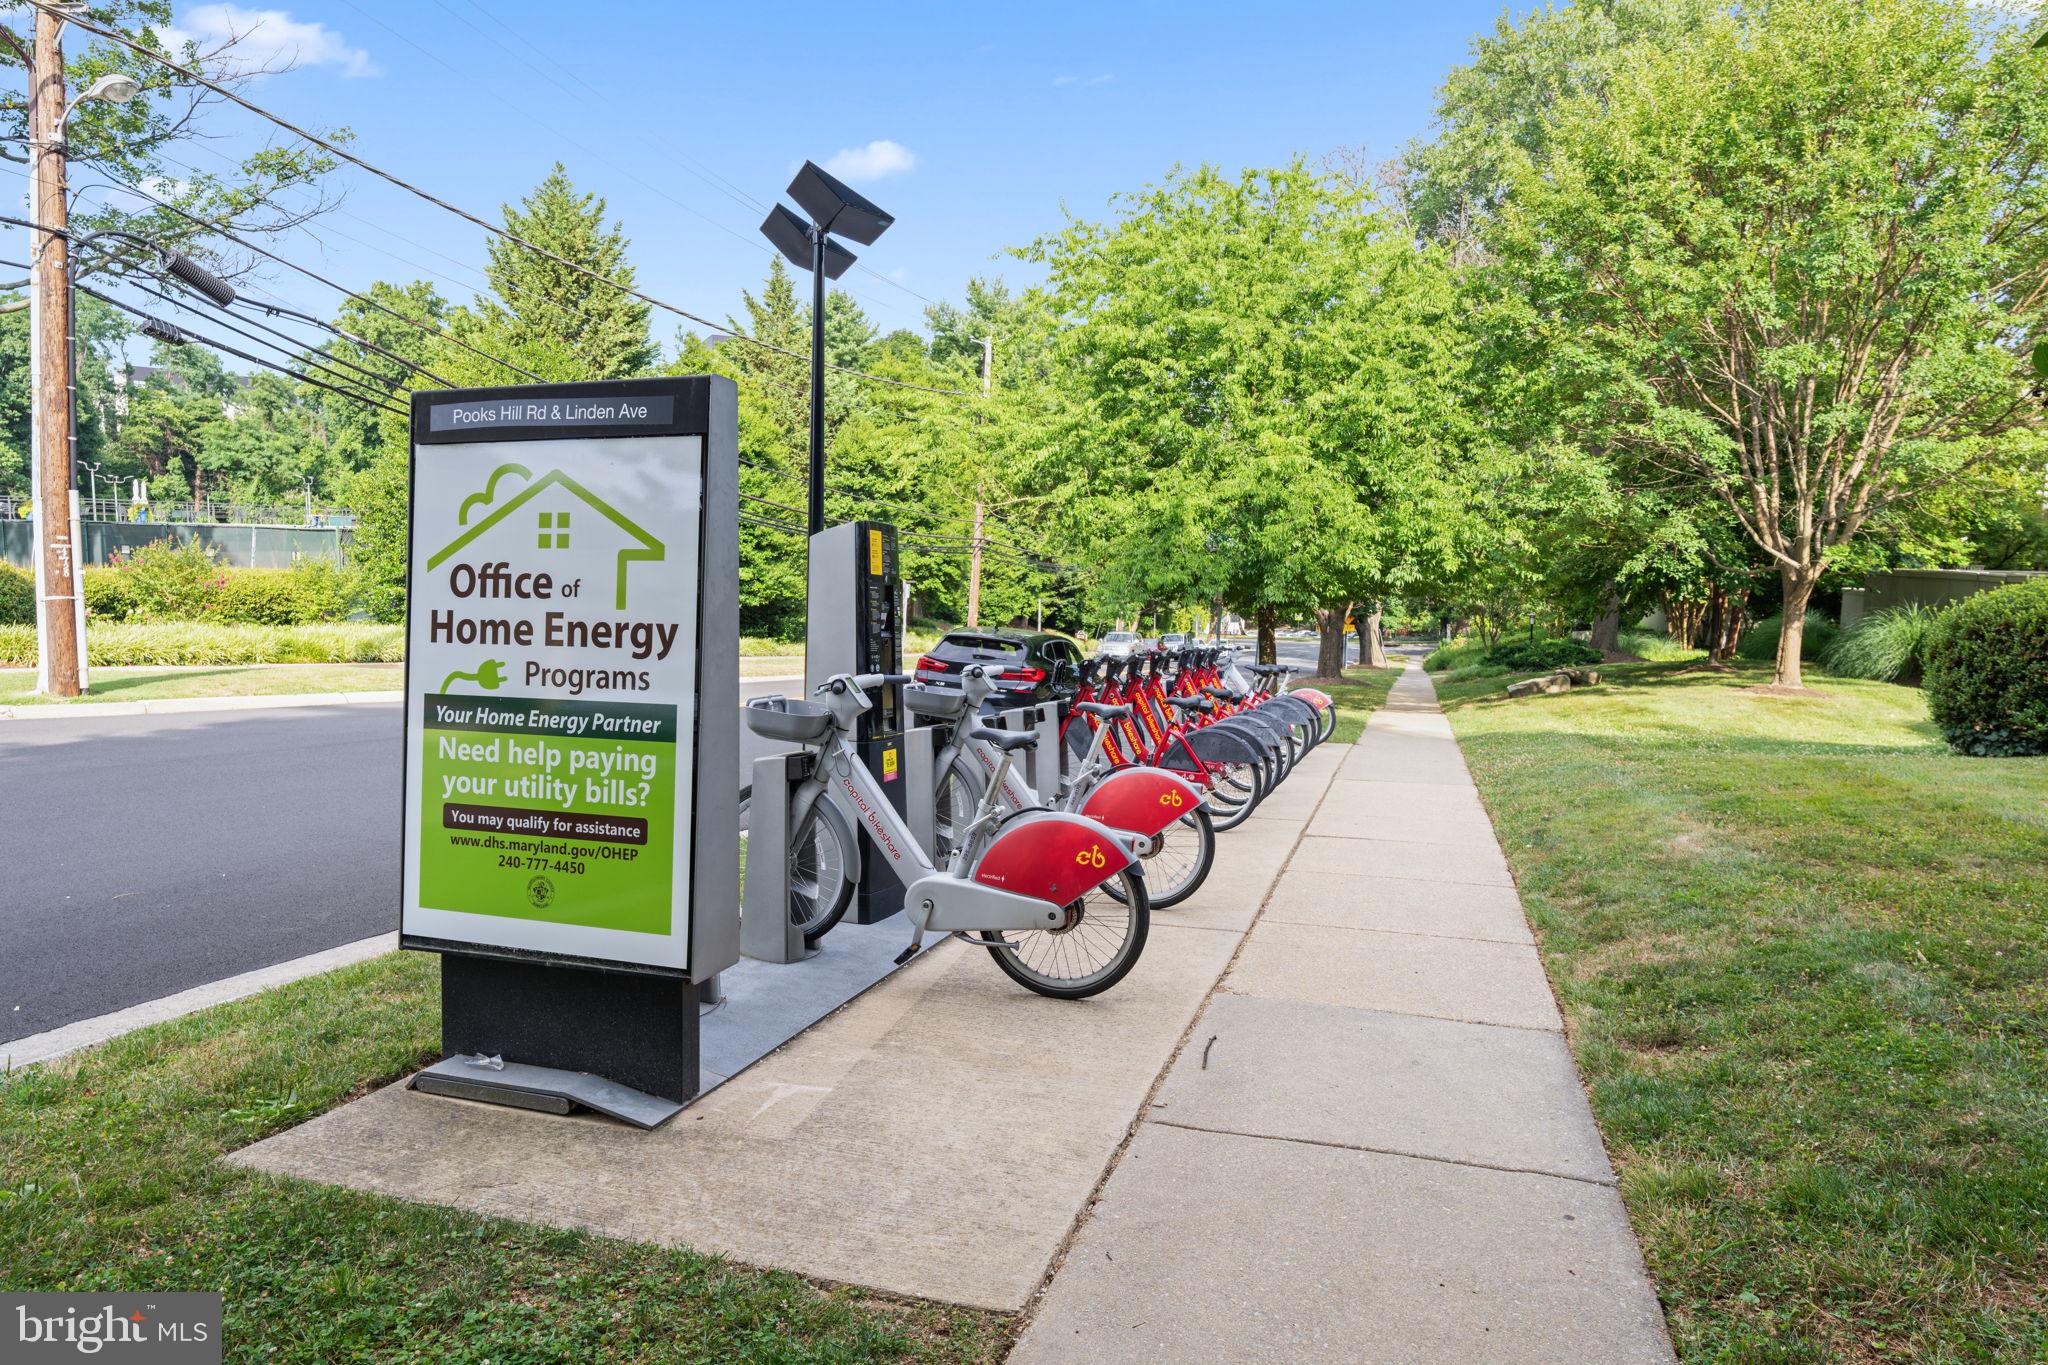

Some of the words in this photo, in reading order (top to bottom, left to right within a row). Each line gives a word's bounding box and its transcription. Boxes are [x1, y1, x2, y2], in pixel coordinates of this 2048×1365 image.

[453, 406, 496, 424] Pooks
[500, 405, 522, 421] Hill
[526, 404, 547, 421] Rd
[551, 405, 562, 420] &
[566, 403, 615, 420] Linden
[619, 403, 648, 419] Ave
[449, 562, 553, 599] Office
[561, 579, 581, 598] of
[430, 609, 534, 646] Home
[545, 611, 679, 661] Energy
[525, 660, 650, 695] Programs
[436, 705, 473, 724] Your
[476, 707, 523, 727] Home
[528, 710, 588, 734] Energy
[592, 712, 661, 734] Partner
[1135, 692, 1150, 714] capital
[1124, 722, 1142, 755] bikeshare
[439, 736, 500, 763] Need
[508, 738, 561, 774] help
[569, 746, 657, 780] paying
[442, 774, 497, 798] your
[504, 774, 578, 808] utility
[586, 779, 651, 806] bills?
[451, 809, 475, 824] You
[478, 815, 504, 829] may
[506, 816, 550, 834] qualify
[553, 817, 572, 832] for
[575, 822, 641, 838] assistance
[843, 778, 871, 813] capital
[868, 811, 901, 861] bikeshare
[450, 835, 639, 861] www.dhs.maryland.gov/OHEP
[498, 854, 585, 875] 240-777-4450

────

Task statement.
In your copy of the entries above, leave out the pictures and keep every word exact.

Response area.
Some of the words in this photo, in reading order (top to bottom, left to right within a row). Each line gives a word's bounding box and its transcription. Boxes are [x1, y1, x2, y2], in pixel coordinates of this 2048×1365 image.

[453, 406, 496, 424] Pooks
[500, 405, 522, 421] Hill
[526, 404, 547, 421] Rd
[551, 405, 562, 420] &
[566, 403, 615, 420] Linden
[619, 403, 648, 419] Ave
[449, 562, 553, 599] Office
[561, 579, 581, 598] of
[430, 609, 534, 646] Home
[545, 611, 679, 661] Energy
[525, 660, 650, 695] Programs
[436, 705, 473, 724] Your
[476, 707, 523, 727] Home
[528, 710, 588, 734] Energy
[592, 712, 661, 734] Partner
[1135, 692, 1150, 714] capital
[1124, 722, 1142, 755] bikeshare
[439, 736, 500, 763] Need
[508, 738, 561, 774] help
[569, 746, 657, 780] paying
[442, 774, 497, 798] your
[504, 774, 578, 808] utility
[586, 779, 651, 806] bills?
[451, 809, 475, 824] You
[478, 815, 504, 829] may
[506, 816, 550, 834] qualify
[553, 817, 572, 832] for
[575, 822, 641, 838] assistance
[843, 778, 871, 813] capital
[868, 811, 901, 861] bikeshare
[450, 835, 639, 861] www.dhs.maryland.gov/OHEP
[498, 854, 585, 875] 240-777-4450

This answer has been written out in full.